Topik yang kita perbincangkan adalah penerapan larangan shalat berjama’ah di masjid yang berakibat pada penutupan masjid sementara waktu. Hal ini dilakukan karena mempertimbangkan makna yang terkandung dalil yang sejalan dengan upaya untuk mencegah bahaya sistemik yang diprediksi akan terjadi.

Al-Bukhari mengeluarkan hadits Abdurrahman bin Auf dalam kitab Shahih-nya bahwa beliau mendengar Rasulullah shallallahu ‘alaihi wa sallam bersabda,

إذا سَمِعْتُمْ بِهِ بِأرْضٍ، فلاَ تَقْدمُوا عَلَيْهِ، وإذَا وَقَعَ بِأَرْضٍ وَأَنْتُمْ بِهَا، فَلا تخْرُجُوا فِرَارًا مِنْهُ

“Ketika kalian mendengar wabah terjadi di suatu daerah, janganlah kalian mendatangi daerah tersebut. Dan jika wabah itu terjadi di daerah kalian berada, janganlah kalian pergi untuk melarikan diri dari daerah tersebut.” [HR. al-Bukhari]

Makna tersurat hadits di atas adalah larangan mendatangi daerah yang terjangkit wabah dan larangan keluar dari daerah yang terjangkit wabah, dimana makna tersirat yang terkandung dalam hadits adalah adanya kekhawatiran terhadap bahaya dan wabah yang bisa menjangkiti manusia.

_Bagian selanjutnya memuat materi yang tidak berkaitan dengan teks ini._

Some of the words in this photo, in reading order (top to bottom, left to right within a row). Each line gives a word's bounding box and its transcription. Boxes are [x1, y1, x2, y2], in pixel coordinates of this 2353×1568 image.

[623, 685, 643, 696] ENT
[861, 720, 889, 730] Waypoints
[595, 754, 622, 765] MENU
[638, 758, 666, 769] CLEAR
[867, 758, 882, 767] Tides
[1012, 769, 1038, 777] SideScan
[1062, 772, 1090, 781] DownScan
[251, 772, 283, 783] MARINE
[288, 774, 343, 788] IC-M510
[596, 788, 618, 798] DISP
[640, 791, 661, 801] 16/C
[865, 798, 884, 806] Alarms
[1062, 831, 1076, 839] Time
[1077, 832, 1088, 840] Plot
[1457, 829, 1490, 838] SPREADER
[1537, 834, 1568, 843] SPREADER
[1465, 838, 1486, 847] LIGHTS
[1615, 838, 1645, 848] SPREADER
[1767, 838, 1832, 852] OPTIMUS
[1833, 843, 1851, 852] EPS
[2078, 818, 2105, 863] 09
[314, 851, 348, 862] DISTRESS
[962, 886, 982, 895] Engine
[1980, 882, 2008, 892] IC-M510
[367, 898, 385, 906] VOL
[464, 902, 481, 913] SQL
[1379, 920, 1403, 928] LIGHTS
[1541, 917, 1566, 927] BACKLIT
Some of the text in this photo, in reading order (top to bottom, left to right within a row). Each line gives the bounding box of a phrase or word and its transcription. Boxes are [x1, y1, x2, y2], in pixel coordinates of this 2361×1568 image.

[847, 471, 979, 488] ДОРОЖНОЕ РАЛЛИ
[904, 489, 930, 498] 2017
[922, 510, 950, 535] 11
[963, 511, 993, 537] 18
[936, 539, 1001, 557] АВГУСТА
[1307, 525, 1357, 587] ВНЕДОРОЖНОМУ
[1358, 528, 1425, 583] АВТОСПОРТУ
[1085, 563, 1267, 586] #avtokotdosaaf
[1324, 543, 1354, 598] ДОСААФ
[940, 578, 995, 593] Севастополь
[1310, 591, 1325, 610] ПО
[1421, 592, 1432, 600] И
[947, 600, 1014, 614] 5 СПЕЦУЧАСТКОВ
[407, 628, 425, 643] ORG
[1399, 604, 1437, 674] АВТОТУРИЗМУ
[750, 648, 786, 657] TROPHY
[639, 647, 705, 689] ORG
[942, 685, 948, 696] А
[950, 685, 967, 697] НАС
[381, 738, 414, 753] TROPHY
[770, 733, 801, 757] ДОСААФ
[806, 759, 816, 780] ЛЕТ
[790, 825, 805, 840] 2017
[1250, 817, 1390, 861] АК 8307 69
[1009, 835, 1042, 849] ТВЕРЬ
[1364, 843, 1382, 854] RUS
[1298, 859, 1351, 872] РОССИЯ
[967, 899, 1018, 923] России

Infeksi wabah pada setiap individu yang masih berupa dugaan di saat wabah terjadi secara umum pada suatu negeri berarti keberadaan wabah pada setiap belahan daerah di negeri tersebut juga masih berupa dugaan, terbukti bahwa tidak setiap orang di daerah tersebut terinfeksi wabah. Meskipun demikian Allah ta’ala tetap melarang secara tegas untuk  memasuki dan meninggalkan daerah yang terjangkit wabah.

Keyakinan dan kepastian terinfeksinya individu bukanlah syarat wajib untuk melarang, karena sesuatu yang diduga kuat dapat terjadi kedudukannya sama dengan sesuatu yang terjadi (المتوقع الغالب ينزل منزلة الواقع).

Apakah Larangan Ini Bertentangan dengan Tawakkal?

Tentu larangan ini tidak bertentangan dengan tawakkal dan sikap memasrahkan segala urusan pada Allah ta’ala. Juga bukan sikap lari dari takdir Allah, tapi hal ini adalah lari dari takdir Allah yang satu, menuju takdir Allah yang lain seperti yang dikatakan Khalifah ar-Rasyid, Umar ibn al-Khathab radhiallahu ‘anhu.

Larangan memasuki dan meninggalkan daerah wabah karena adanya kekhawatiran terjangkiti wabah mengandung larangan terhadap segala aktifitas yang bisa menjadi sebab penjangkitan dan penularan wabah pada manusia. Dengan demikian apabila dokter dapat membuktikan dan menduga kuat bahwa shalat berjama’ah di masjid merupakan sebab terjadinya penyakit, maka larangan shalat berjama’ah di masjid serupa dengan larangan memasuki dan meninggalkan daerah wabah. Kekhawatiran terjangkit penyakit dan pertimbangan terhadap hasil akhir yang berdampak sistemik menjadi alasan adanya larangan memasuki dan meninggalkan daerah wabah, dimana alasan yang sama juga terdapat pada larangan shalat berjama’ah di masjid. Sebagaimana yang diketahui agama tidak membedakan dua kondisi yang sama.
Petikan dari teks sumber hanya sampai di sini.